Fugas - motores

Miguel Madeira

Lexus CT 200h Convenience: A tecnologia democratiza-se

Por Luís Francisco

Sem abandonar o estatuto premium, a Lexus alarga a sua oferta de propulsão híbrida a um modelo mais popular. O resultado é um carro de qualidade bem acima da média e com argumentos que vão muito para lá da mera preocupação ecológica.

Já havia o Toyota Prius, certamente o mais conhecido dos carros de propulsão híbrida. A combinação de um motor eléctrico com outro a gasolina também marcava presença nas berlinas de gama superior da Lexus, a divisão de luxo do construtor japonês.

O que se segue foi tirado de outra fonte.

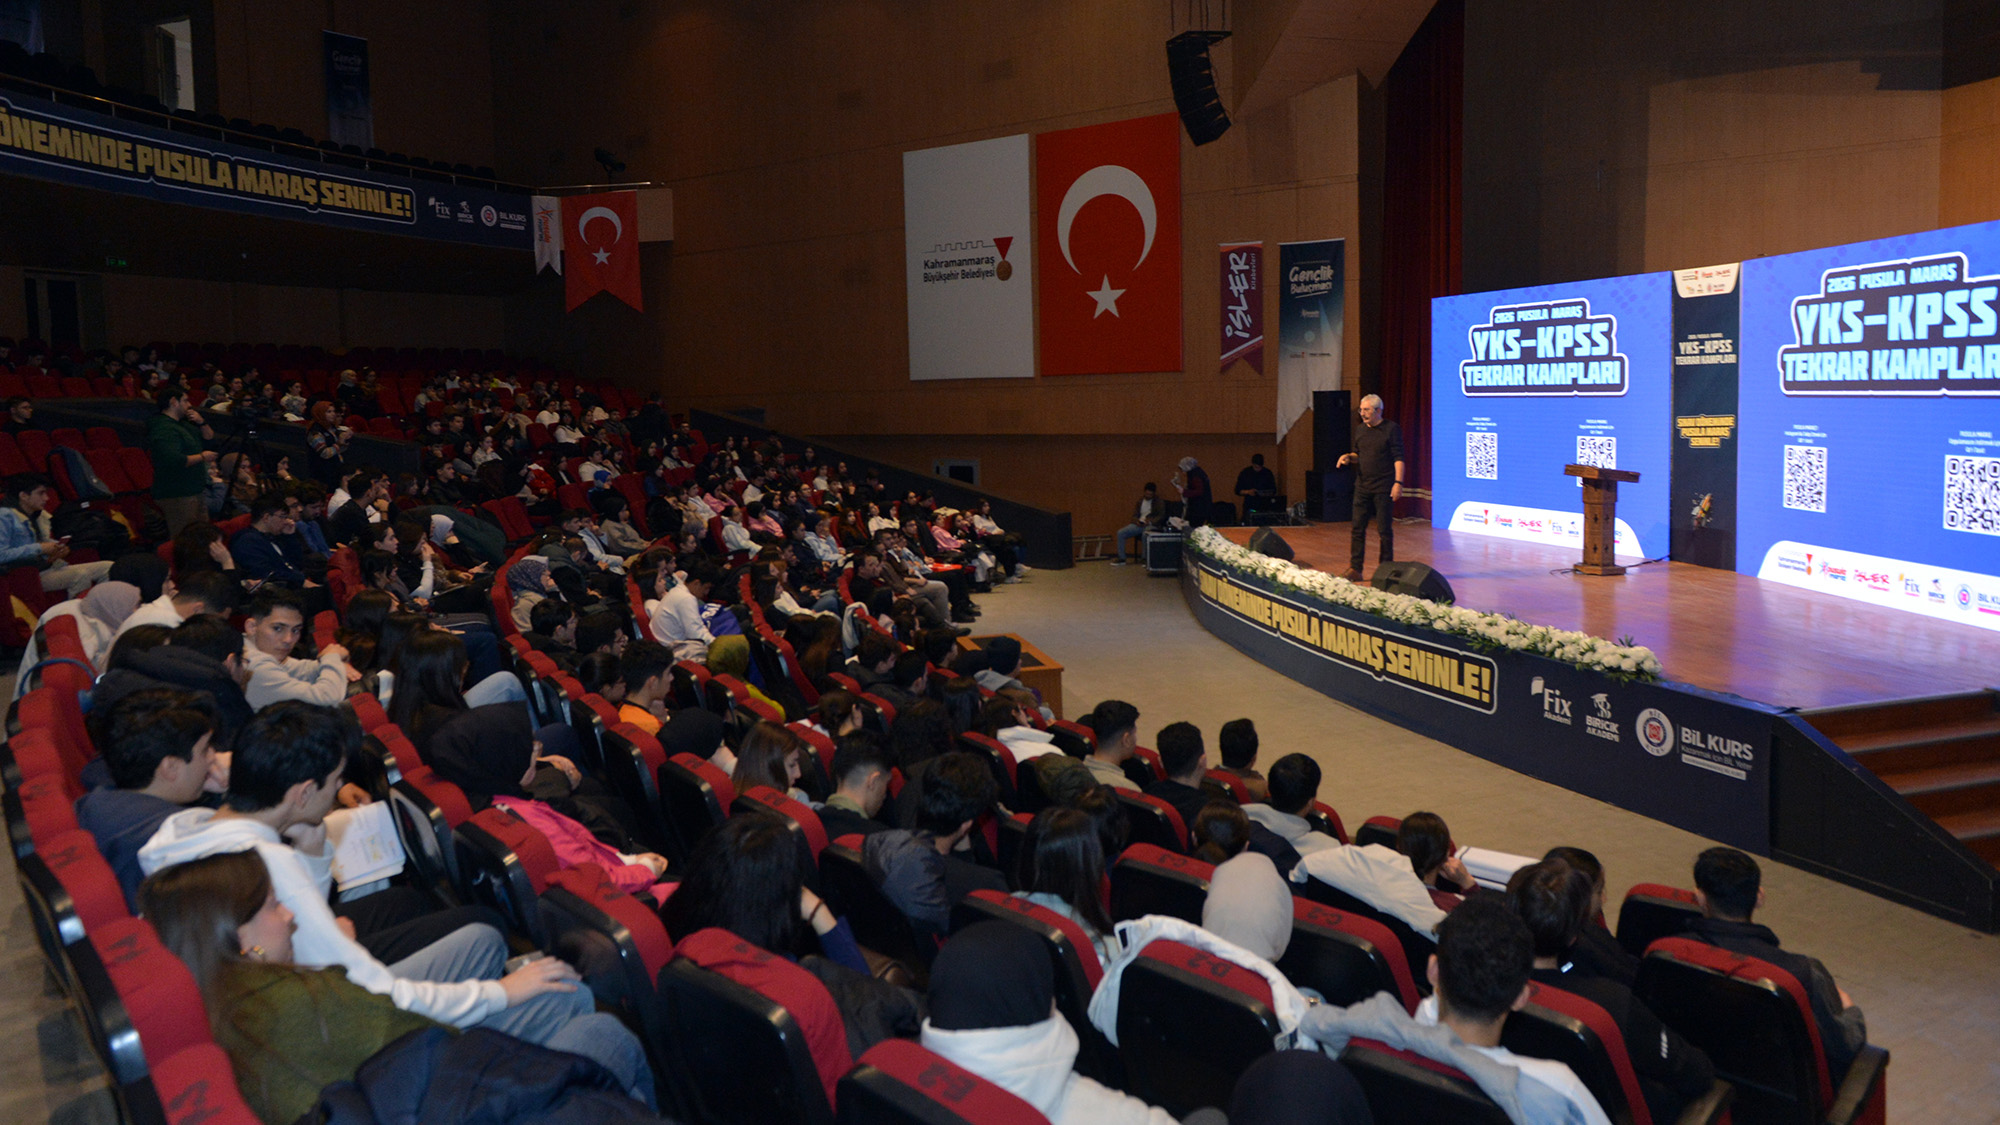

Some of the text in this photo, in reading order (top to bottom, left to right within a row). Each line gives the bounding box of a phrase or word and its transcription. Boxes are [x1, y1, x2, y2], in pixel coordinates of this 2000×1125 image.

[136, 145, 233, 189] PUSULA
[237, 165, 318, 204] MARAŞ
[435, 201, 450, 215] Fix
[923, 256, 995, 269] Kahramanmaraş
[923, 267, 995, 284] Büyükşehir Belediyesi
[1289, 265, 1334, 283] Gençlik
[1859, 269, 1906, 290] PUSULA
[1909, 263, 1958, 284] MARAŞ
[1516, 308, 1549, 322] PUSULA
[1551, 305, 1583, 320] MARAŞ
[1796, 286, 1999, 346] YKS-KPSS
[1472, 322, 1610, 362] YKS-KPSS
[1463, 361, 1621, 387] TEKRAR KAMPLARI
[1782, 350, 1870, 382] TEKRAR
[1904, 577, 1920, 593] Fix
[1271, 601, 1321, 647] PUSULA
[1321, 620, 1384, 671] MARAŞ
[1544, 687, 1572, 717] Fix
[1707, 733, 1753, 761] KURS

Faltava juntar estas duas ideias e assim surge o Lexus CT 200h: um veículo com a qualidade de construção e a distinção a que o nome "obriga", mas acessível a um público mais vasto. E dotado de indiscutíveis argumentos ecológicos.

A alquimia funcionou. Tudo aqui, desde o som agradável do fecho das portas à qualidade global dos interiores, do desenho exterior sem "loucuras" às qualidades mecânicas, "diz-nos" que este é um Lexus de pleno direito. E isto é conseguido à volta de um sistema de propulsão híbrido, que conjuga um motor a gasolina de 1,8 litros e 99cv com outro eléctrico, de 82cv. A potência final é de 136cv, mais do que suficiente para calar os que dizem que um carro ecologicamente competente não pode ser divertido.

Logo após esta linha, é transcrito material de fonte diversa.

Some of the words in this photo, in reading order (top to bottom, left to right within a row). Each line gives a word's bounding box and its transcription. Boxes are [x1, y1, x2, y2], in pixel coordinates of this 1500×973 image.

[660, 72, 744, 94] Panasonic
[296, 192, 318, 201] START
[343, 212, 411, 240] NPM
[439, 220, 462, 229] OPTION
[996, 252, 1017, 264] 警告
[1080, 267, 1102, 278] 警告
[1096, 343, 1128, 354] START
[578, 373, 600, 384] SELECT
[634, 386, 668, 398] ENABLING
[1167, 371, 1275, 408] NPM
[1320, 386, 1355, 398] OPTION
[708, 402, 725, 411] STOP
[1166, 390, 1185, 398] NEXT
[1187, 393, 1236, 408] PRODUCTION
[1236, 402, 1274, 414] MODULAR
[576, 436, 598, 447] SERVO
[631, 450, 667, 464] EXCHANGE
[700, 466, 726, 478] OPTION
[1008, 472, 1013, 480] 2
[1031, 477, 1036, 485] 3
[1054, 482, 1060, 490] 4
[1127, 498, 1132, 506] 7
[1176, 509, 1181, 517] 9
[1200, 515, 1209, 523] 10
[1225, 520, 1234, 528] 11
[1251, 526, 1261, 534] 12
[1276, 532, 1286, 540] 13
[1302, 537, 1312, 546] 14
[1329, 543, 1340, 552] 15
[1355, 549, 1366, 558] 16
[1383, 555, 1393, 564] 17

Este pode, mas há que passar por um período de adaptação. Acontece que a direcção, os travões e o posto de condução precisam de algum tempo para se tornarem intuitivos. Demorará mais para alguns, mas algumas dezenas de quilómetros permitem, desde logo, desfazer algumas impressões iniciais, quase todas elas pouco abonatórias.

Os travões parecem pouco progressivos, até nos habituarmos ao curso do pedal e percebermos que, quando solicitados, estão realmente lá. A direcção, demasiado leve (e isto, claro, é uma opinião muito pessoal), complica o contacto com a estrada, rouba sensibilidade ao condutor. Mas, lá está, quando se "aperta" um pouco mais com o CT 200h em curva, percebemos que, afinal, é bastante incisiva e até se pode mostrar divertida.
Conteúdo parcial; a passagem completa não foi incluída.